▽

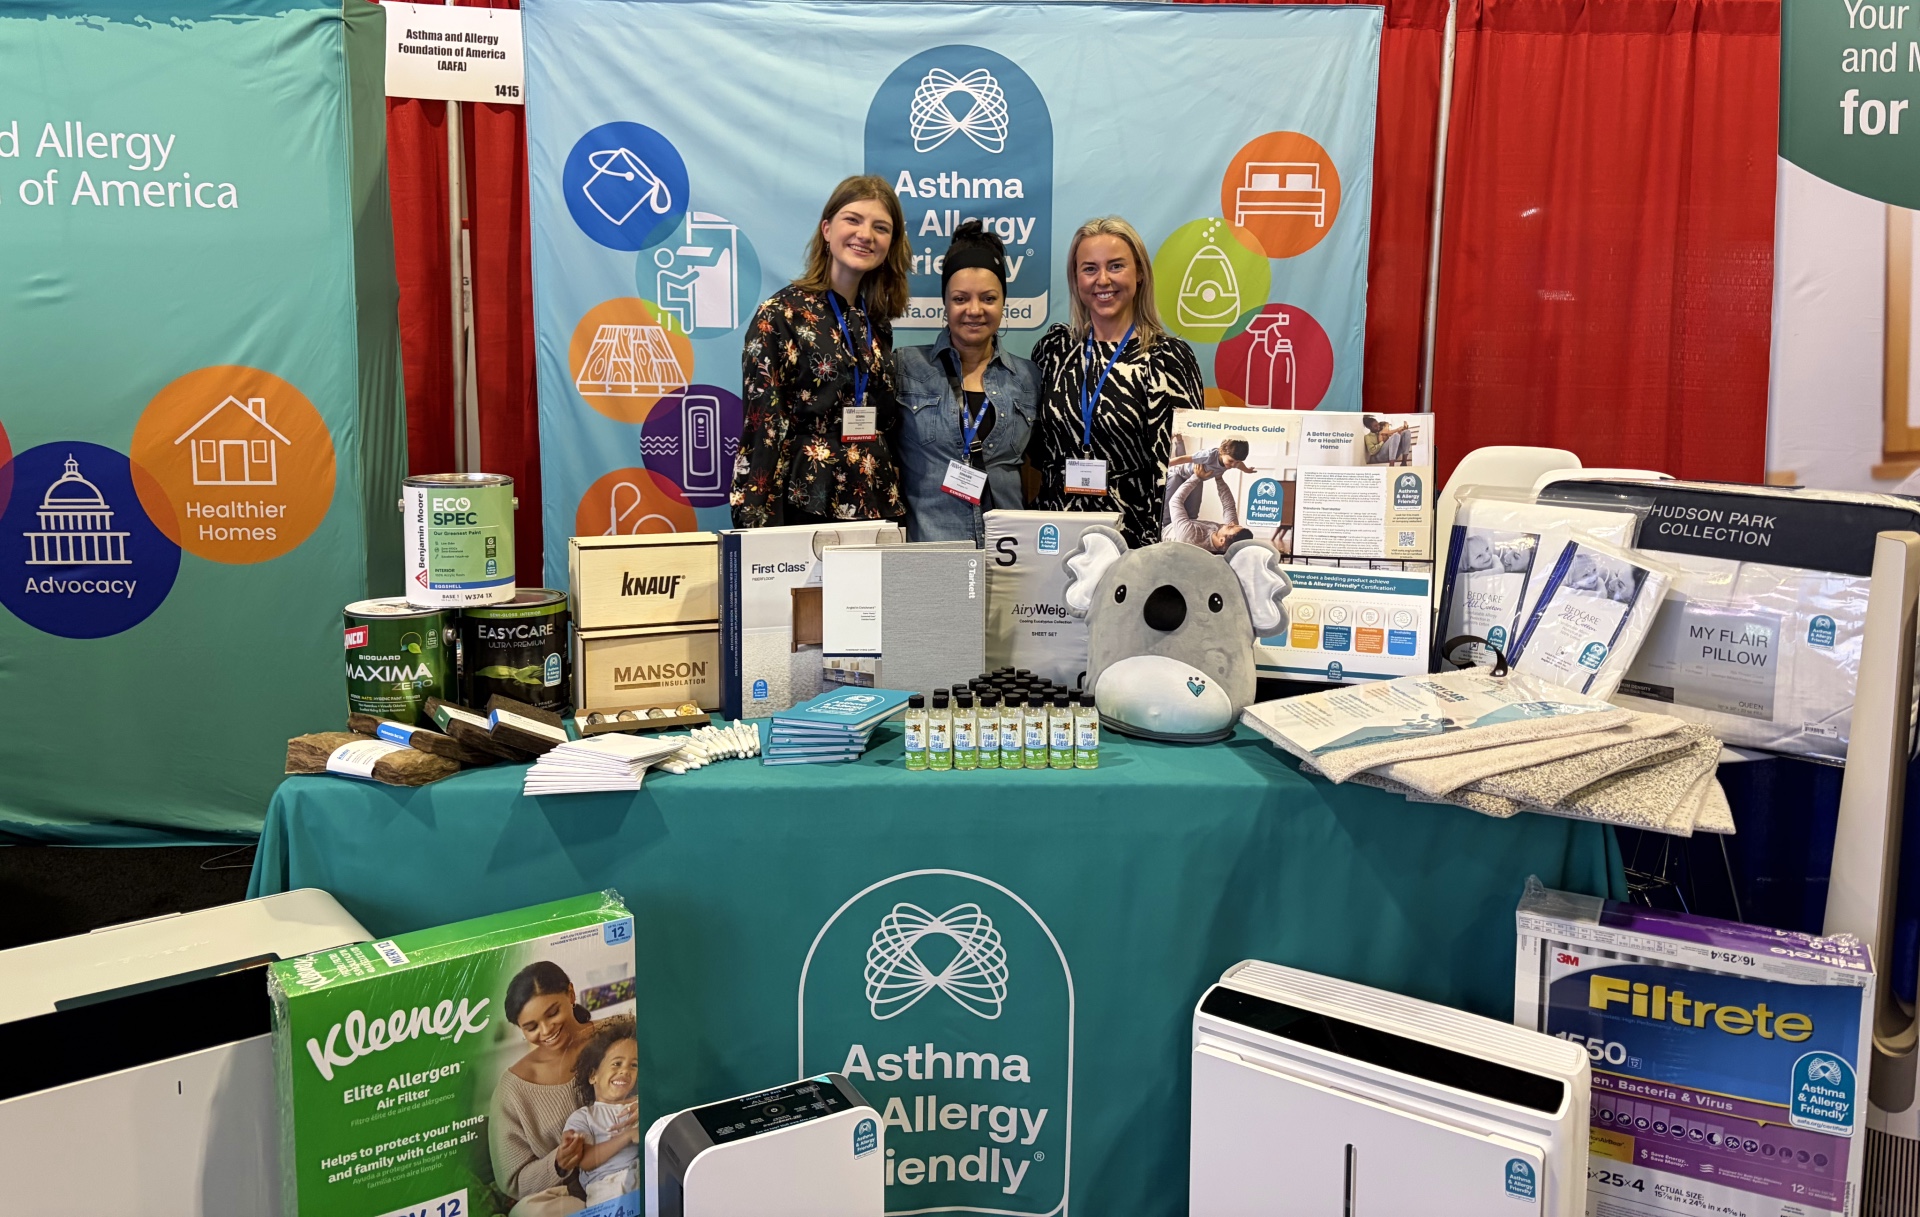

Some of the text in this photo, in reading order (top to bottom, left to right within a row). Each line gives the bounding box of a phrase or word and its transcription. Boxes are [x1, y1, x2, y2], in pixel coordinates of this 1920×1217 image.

[1844, 0, 1910, 29] Your
[406, 29, 499, 46] Asthma and Allergy
[398, 43, 506, 60] Foundation of America
[1842, 41, 1897, 73] and
[437, 60, 467, 72] (AAFA)
[494, 85, 520, 97] 1415
[1840, 89, 1909, 135] for
[35, 121, 176, 171] Allergy
[19, 169, 239, 209] of America
[894, 170, 1024, 199] Asthma
[918, 209, 1037, 245] Allrgy
[1187, 421, 1286, 434] Certified Products Guide
[186, 501, 287, 518] Healthier
[433, 497, 471, 512] ECO
[1257, 505, 1280, 513] Allergy
[433, 512, 478, 526] SPEC
[1251, 511, 1277, 519] Friendly
[1651, 504, 1777, 529] HUDSON PARK
[199, 524, 277, 541] Homes
[1659, 522, 1772, 547] COLLECTION
[418, 525, 427, 568] Benjamin
[995, 536, 1019, 566] S
[752, 563, 775, 574] First
[25, 576, 137, 598] Advocacy
[968, 568, 976, 599] Tarkett
[1361, 584, 1397, 592] Certification?
[1466, 591, 1504, 604] BEDCARE
[1564, 604, 1601, 625] BEDCARE
[488, 639, 546, 649] ULTRA PREMIUM
[1689, 625, 1768, 648] MY FLAIR
[1702, 645, 1768, 667] PILLOW
[345, 662, 433, 682] MAXIMA
[614, 661, 706, 683] MANSON
[391, 679, 433, 691] ZERO
[661, 678, 706, 687] INSULATION
[1738, 701, 1764, 711] QUEEN
[955, 732, 966, 740] Free
[611, 926, 625, 938] 12
[1556, 953, 1579, 967] 3M
[1589, 974, 1813, 1042] Filtrete
[306, 997, 491, 1081] Kleenex
[840, 1042, 1031, 1084] Asthma
[343, 1061, 461, 1104] Elite Allergen
[1801, 1083, 1846, 1099] Asthma
[376, 1089, 430, 1111] Air Filter
[1618, 1080, 1677, 1100] Bacteria
[1681, 1092, 1690, 1102] &
[1695, 1095, 1733, 1110] Virus
[1797, 1093, 1850, 1112] & Allergy
[350, 1116, 370, 1127] Filtro
[387, 1108, 396, 1117] de
[397, 1105, 411, 1114] aire
[412, 1102, 421, 1111] de
[421, 1092, 455, 1109] alérgenos
[883, 1094, 1048, 1143] Allergy
[1800, 1103, 1845, 1121] Friendly
[321, 1114, 485, 1170] Helps to protect your home
[857, 1133, 874, 1141] Asthma
[328, 1131, 479, 1184] and family with clean air.
[1665, 1154, 1686, 1163] Energy.
[352, 1173, 376, 1185] Ayuda
[381, 1162, 413, 1177] proteger
[413, 1160, 422, 1168] su
[422, 1154, 442, 1166] hogar
[443, 1151, 448, 1159] y
[367, 1177, 391, 1189] familia
[405, 1169, 420, 1178] aire
[420, 1163, 444, 1175] limpio.
[1509, 1173, 1532, 1183] Asthma
[1513, 1180, 1533, 1190] Allergy
[1509, 1184, 1532, 1196] Friendly
[1655, 1184, 1704, 1201] ACTUAL SIZE:
[1791, 1183, 1805, 1195] 12
[436, 1198, 462, 1217] 12

△

Task directions: Look through the entries above, and wherever a line holds the string "Asthma", copy it.

Task result:
[406, 29, 499, 46] Asthma and Allergy
[894, 170, 1024, 199] Asthma
[840, 1042, 1031, 1084] Asthma
[1801, 1083, 1846, 1099] Asthma
[857, 1133, 874, 1141] Asthma
[1509, 1173, 1532, 1183] Asthma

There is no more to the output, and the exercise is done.